L’incompatibilité entre certaines professions et des rôles familiaux anticipés contribue à ce que les jeunes renoncent dès le départ à une formation ne leur semblant pas convenir à leurs projets à long terme. Les entreprises peuvent réfléchir à cette influence sur le choix professionnel lorsqu’elles révisent leurs formations ou l’organisation du travail, pour examiner si les filières de formation ou certains postes de travail peuvent offrir des parcours professionnels tenant compte des besoins typiques des hommes comme des femmes.

Les mécanismes décrits se renforcent réciproquement et rendent difficile la réalisation de souhaits professionnels atypiques. Les formations et les postes de travail sont perçus comme adéquats pour l’un ou l’autre genre. Ils sont organisés en conséquence, et la sélection des apprentis se fait également en fonction du genre.
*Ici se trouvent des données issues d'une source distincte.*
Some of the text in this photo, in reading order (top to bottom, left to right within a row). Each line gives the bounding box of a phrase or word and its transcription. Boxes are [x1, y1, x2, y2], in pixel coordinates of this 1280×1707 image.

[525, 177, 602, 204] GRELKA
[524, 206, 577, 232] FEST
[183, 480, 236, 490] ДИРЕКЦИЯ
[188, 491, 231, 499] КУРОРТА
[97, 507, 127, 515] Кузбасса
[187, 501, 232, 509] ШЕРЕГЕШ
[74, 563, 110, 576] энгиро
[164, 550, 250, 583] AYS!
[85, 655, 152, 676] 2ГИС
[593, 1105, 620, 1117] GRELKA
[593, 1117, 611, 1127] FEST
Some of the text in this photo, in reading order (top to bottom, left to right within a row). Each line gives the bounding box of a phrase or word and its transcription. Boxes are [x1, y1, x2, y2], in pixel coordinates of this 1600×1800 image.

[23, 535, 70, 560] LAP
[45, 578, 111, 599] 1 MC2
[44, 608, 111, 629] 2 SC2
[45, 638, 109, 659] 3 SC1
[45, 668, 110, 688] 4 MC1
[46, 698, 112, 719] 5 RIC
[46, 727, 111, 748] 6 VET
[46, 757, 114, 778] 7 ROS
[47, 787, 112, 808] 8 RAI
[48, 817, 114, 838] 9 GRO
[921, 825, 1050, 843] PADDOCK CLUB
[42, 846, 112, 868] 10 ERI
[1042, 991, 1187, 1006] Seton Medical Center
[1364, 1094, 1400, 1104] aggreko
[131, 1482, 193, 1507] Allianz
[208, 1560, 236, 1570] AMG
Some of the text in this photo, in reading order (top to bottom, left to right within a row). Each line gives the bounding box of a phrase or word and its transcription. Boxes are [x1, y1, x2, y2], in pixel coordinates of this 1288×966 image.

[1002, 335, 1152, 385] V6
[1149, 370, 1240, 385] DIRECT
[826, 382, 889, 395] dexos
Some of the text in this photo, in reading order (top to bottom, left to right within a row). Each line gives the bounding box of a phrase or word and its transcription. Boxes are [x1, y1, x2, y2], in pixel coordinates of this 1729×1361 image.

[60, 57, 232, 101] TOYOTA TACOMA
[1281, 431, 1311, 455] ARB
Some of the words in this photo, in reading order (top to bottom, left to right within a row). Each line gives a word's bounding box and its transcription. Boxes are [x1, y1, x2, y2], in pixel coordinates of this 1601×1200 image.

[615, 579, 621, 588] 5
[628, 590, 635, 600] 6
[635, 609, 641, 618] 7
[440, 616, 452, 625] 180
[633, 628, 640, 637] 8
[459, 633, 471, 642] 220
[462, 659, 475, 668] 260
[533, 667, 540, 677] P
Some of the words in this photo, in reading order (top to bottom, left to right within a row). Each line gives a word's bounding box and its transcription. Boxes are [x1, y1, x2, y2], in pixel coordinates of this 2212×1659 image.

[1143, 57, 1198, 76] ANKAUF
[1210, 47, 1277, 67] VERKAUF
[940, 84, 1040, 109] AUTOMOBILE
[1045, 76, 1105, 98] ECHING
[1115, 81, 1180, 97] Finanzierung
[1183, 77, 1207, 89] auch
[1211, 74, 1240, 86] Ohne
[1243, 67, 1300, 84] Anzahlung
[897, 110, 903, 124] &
D’indispensables correctifs

Tous les acteurs concernés contribuent ainsi à maintenir l’actuelle ségrégation professionnelle liée au genre. Des correctifs doivent donc être apportés avec détermination, en vue de rééquilibrer ces mécanismes personnels et subtils de sélection, et de permettre l’égalité des chances entre hommes et femmes dans toutes les professions. C’est seulement en connaissant et en questionnant constamment ses propres stéréotypes qu’il est possible d’éviter la perte de compétences et de talents – chez les hommes doués pour les professions des soins et de l’enseignement, pour les femmes compétentes pour les métiers techniques et du bâtiment.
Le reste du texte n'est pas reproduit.